Sheikh Serajul Hakim | December 10, 2023 00:00:00

While attending lectures on Solid Waste Management (SWM) as part of my Master’s in Urban (Environmental) Management and Development at Rotterdam back in 2007, I was first introduced to the concept of solid waste and the need for its management, especially at urban levels. I was told that solid waste is both a ‘big’ problem and a ‘golden’ prospect, which however, was hard for me to grasp at first, specifically for me being an architect interested in everything that is ‘beautiful’. In the following year, in 2008, an Oscar-winning film called Wall E presented an apocalyptic image of a future planet Earth contaminated by trash, long discarded by people. These two moments hit me hard and I started looking at my surroundings in a different light.

Only at a later point in my professional life, did the deep implications of SWM begin to make sense. In several urban planning/ design/development projects in which I advised or got involved, I came to realise that the urban environmental crisis, to a great extent, is affected by the depths and breadths of challenges emanating from trash and its management failure. It tends to occur more in cities where population concentration is higher, built-up areas outdo natural areas, waste management institutions (like city corporations and pourashavas in Bangladesh) remain weaker, and people’s waste dumping behaviours are uncontrolled.
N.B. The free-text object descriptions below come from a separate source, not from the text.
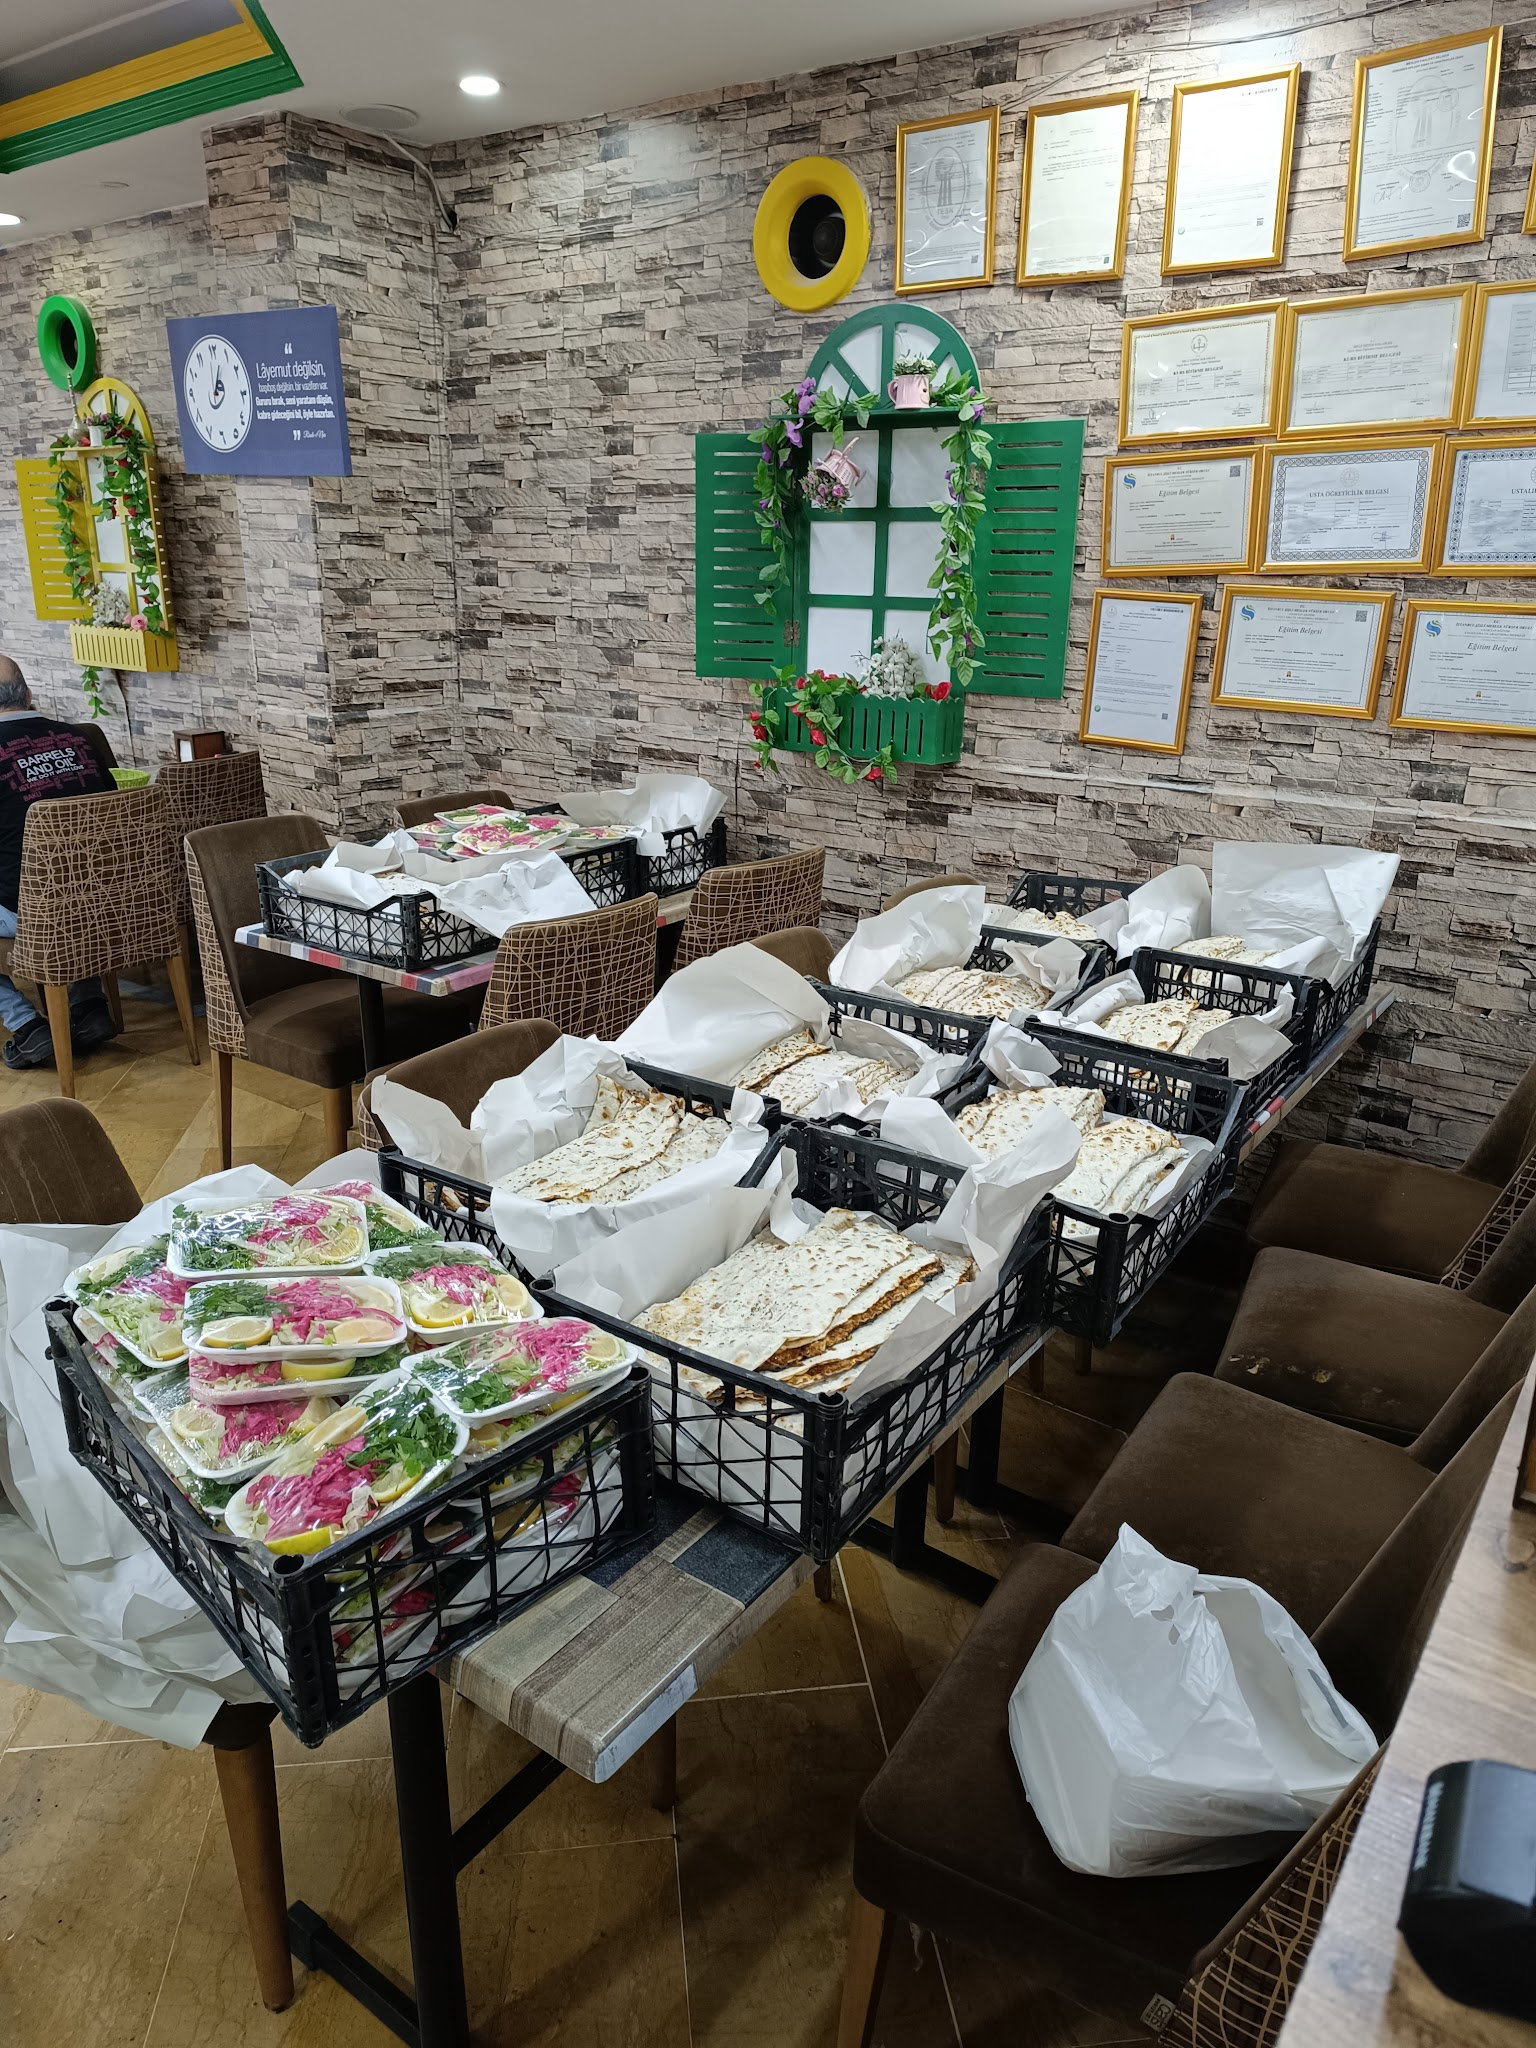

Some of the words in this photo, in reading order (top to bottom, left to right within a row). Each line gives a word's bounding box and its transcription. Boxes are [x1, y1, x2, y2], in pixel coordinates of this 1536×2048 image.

[256, 362, 292, 381] Lâyemut
[292, 360, 326, 379] değilsin,
[286, 395, 296, 404] seni
[303, 409, 313, 420] öyle
[1179, 488, 1200, 496] Belgesi
[1325, 489, 1364, 497] ÖĞRETİCİLİK
[1278, 626, 1298, 634] Eğitim
[1300, 626, 1322, 635] Belgesi
[1467, 642, 1491, 651] Eğitim
[1492, 644, 1519, 652] Belgesi
[17, 747, 76, 769] BARRELS
[26, 763, 53, 778] AND
[26, 775, 38, 783] WE
[38, 772, 49, 781] DO
[55, 767, 71, 775] WITH
[23, 791, 42, 801] BAKU
Weighing in the urban trash problems

Globally, about 2.2 billion tonnes of solid waste is produced per annum, which contributes to at least 5 per cent of total greenhouse gas emissions as well. With newfound affluence from continuing economic growth in middle-income nations and growing economic aspirations of lower-income nations in Asia and Africa and hence growing consumerism, this volume is expected to rise to 3.4 billion tonnes by 2050. Additionally, electrical and electronic waste (e-waste), often containing complex hazardous substances, has appeared as the fastest-growing challenge in both developing and developed worlds since the beginning of this millennium. Statistics show that the total e-waste produced in 2022 was about 60 million tonnes – almost double the volume of 33 million tonnes produced in 2010. At this present rate, it should easily surpass a billion tonnes by 2050. A large amount of e-waste produced in the West also often ends up in the global south’s second-hand market.

Typology of urban waste

With high population concentration and varied consumption patterns, urban areas play a prime role in waste generation. Especially the cities and towns in the developing nations, despite having a lower waste generation rate compared to their developed world counterparts, are increasingly becoming party to this. But even with a lower waste generation rate (0.80kg/person/day), compared to the developing world (2.5kg/person/day), the lion’s share of total global waste generation can already be attributed to the non-Western nations.
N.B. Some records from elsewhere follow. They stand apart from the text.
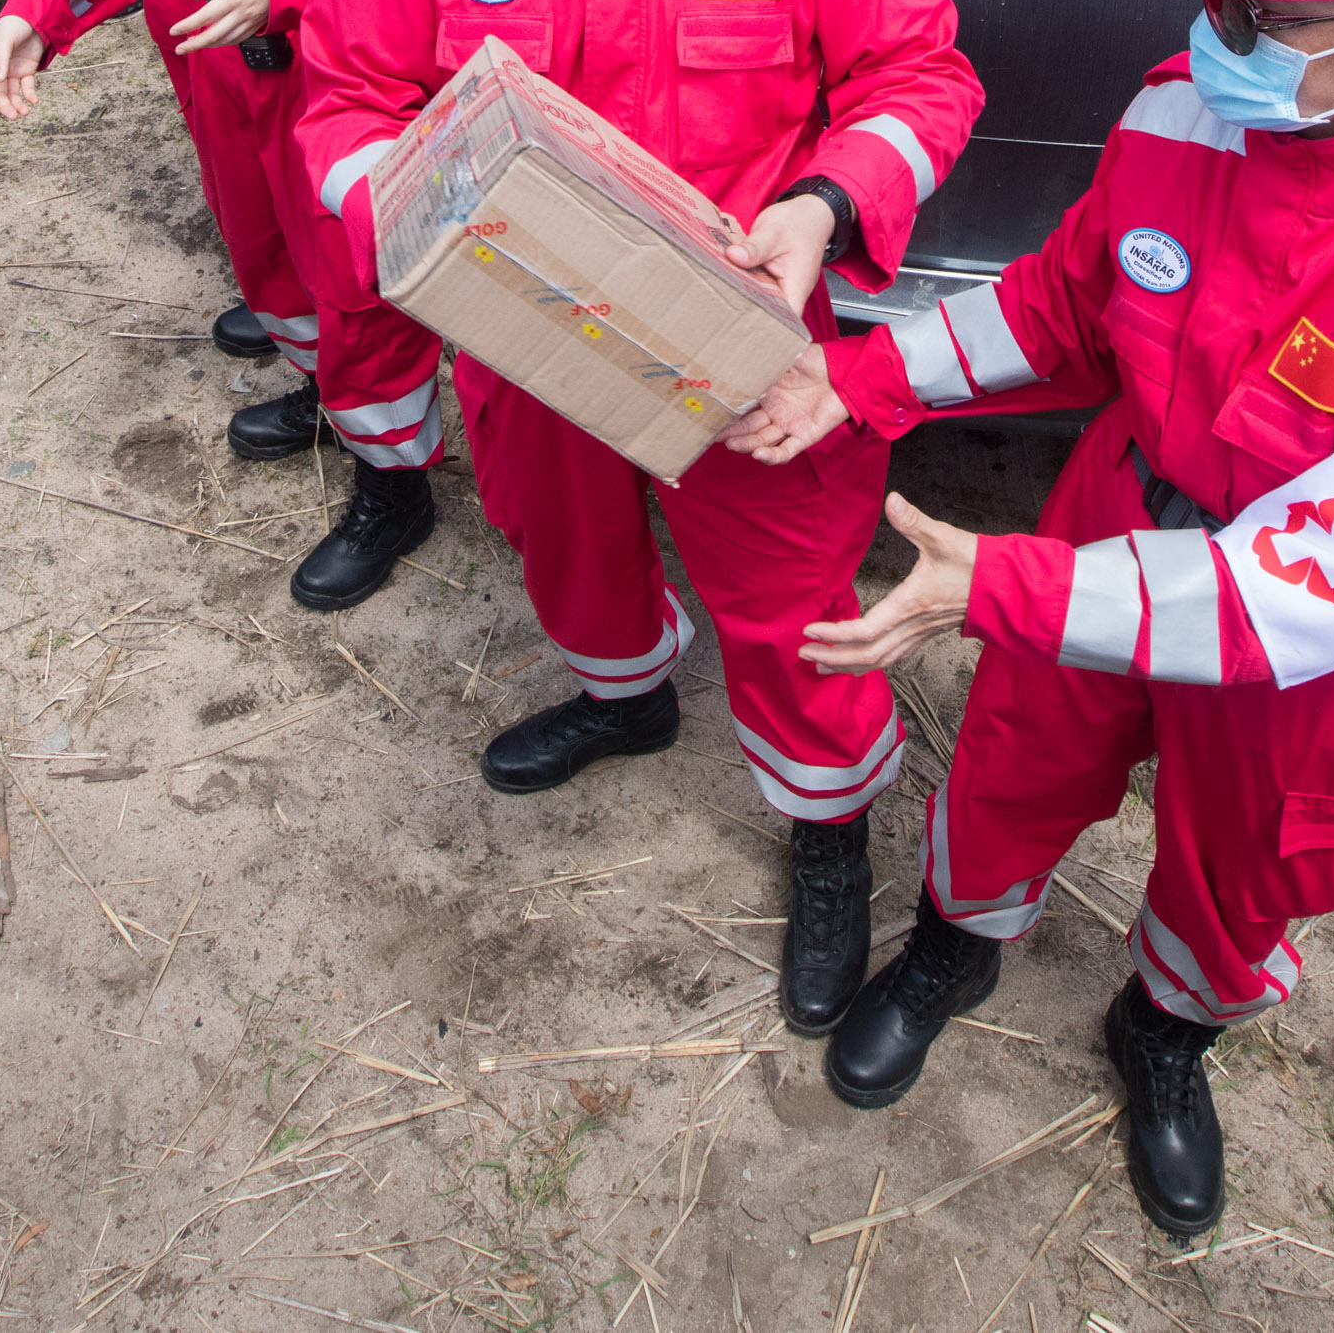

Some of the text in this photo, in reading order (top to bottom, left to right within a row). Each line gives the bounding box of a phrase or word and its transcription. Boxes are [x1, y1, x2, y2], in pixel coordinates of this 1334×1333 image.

[464, 221, 508, 237] GOLF
[1129, 245, 1176, 279] INSARAG
[1132, 233, 1186, 270] UNITED NATIONS
[1133, 260, 1162, 281] Classified
[1133, 270, 1145, 283] USAR
The composition of solid waste in developing world cities varies based on urbanisation rate and trend, economic activities specific to the city, urbanites’ lifestyle and culture, and waste management practices by urban institutions. Although the following list of various solid waste is not exhaustive, typically this includes (1) organic waste such as kitchen and food waste; (2) single-use plastics (e.g. pet bottles), all types of packaging materials and plastic products; (3) paper, cardboard, waste paper, and packaging; (4) metals that include discarded metal items, cans, and another packaging; (5) glass bottles and containers; (6) discarded clothing, fabrics and other textiles; (7) electronic waste, such as old electronics and appliances; and (8) debris from construction and demolition sites.
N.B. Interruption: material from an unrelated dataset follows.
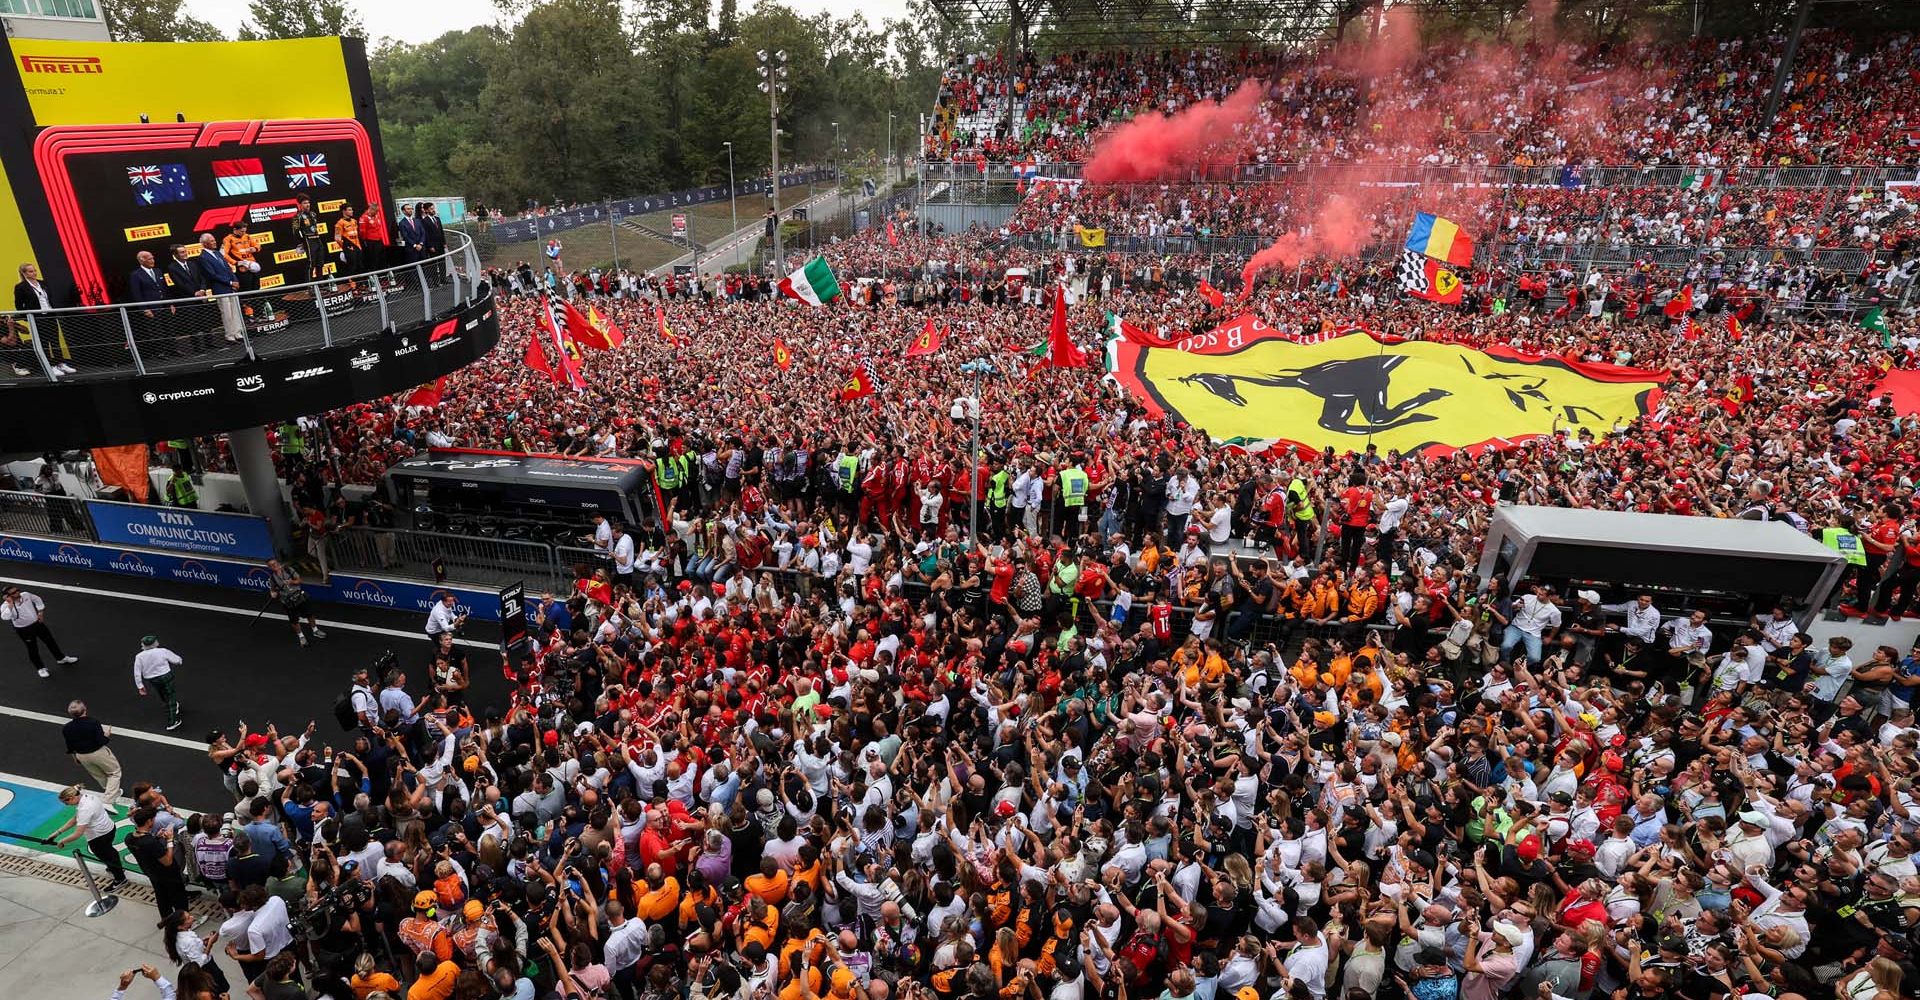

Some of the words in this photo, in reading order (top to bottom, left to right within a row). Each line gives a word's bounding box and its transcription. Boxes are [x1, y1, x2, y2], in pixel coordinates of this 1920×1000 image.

Challenges for urban waste management

While the failure of urban waste management creates significant urban environmental challenges, the very act of managing urban waste is also seriously affected by several key issues. Especially in cities like those in Bangladesh, some typical problems may be highlighted.

Environmental pollution and health hazards: people’s insensitive waste disposal practices, such as dumping into water bodies and open incineration, result in soil, air and water pollution, and cause health hazards. The widespread use of single-use plastics, as said earlier, impacts water quality, disrupts water flow and reduces depth and soil fertility. The increasing use of electronic gazettes and appliances in recent times contributes to an even bigger challenge of e-waste.

Governance and institutions: these local bodies often fail to adhere to any management principle like the 3R (Reduce-Reuse-Recycle), and struggle to determine whether they should adapt to a decentralised or centralised waste management system. They frequently depend on donor and NGO support, and adopt their prescriptions uncritically. These institutions often lack implementing and enforcing regulations (and power) related to waste management and depend heavily on other departments, including waste segregation, recycling and disposal standards. Often there is a lack of awareness among the citizens regarding proper waste disposal behaviour and practises the importance of recycling and efforts from municipalities to train and raise awareness. Involving local communities in waste management through their active engagement and participation has been rare too. Often, a lack of coordination between plan-preparing agencies (like RAJUK) and service delivery bodies (like DNCC, and KCC) affects the planning and design of waste management infrastructure.

Urban planning and infrastructure: developing nations have been experiencing rapid urbanisation for the past 5-6 decades, leading to an increased rate of waste generation owing primarily to very high population growth, changing consumption patterns of urban citizens and rapid industrialisation. Coupled with land scarcity, these overwhelm local urban planning, as the rate of urbanisation often supersedes the speed of urban plan preparation. Even in planned cities like Dhaka, and especially its residential neighbourhoods developed by RAJUK let alone those developed by private and informal sectors, it is hard to find a properly planned waste management system and correctly located waste collection/sorting station (Secondary Transfer Station or STS). In smaller cities like Khulna or Faridpur, even dedicated locations for STS and similar facilities remain a rarity to this day. In cities, big or small, land and resource allocation for waste management (e.g. collection and/or source separation) have not been commonplace. They often have limited financial resources to invest in modern waste management technologies and infrastructure, hindering the creation of efficient waste collection and disposal systems.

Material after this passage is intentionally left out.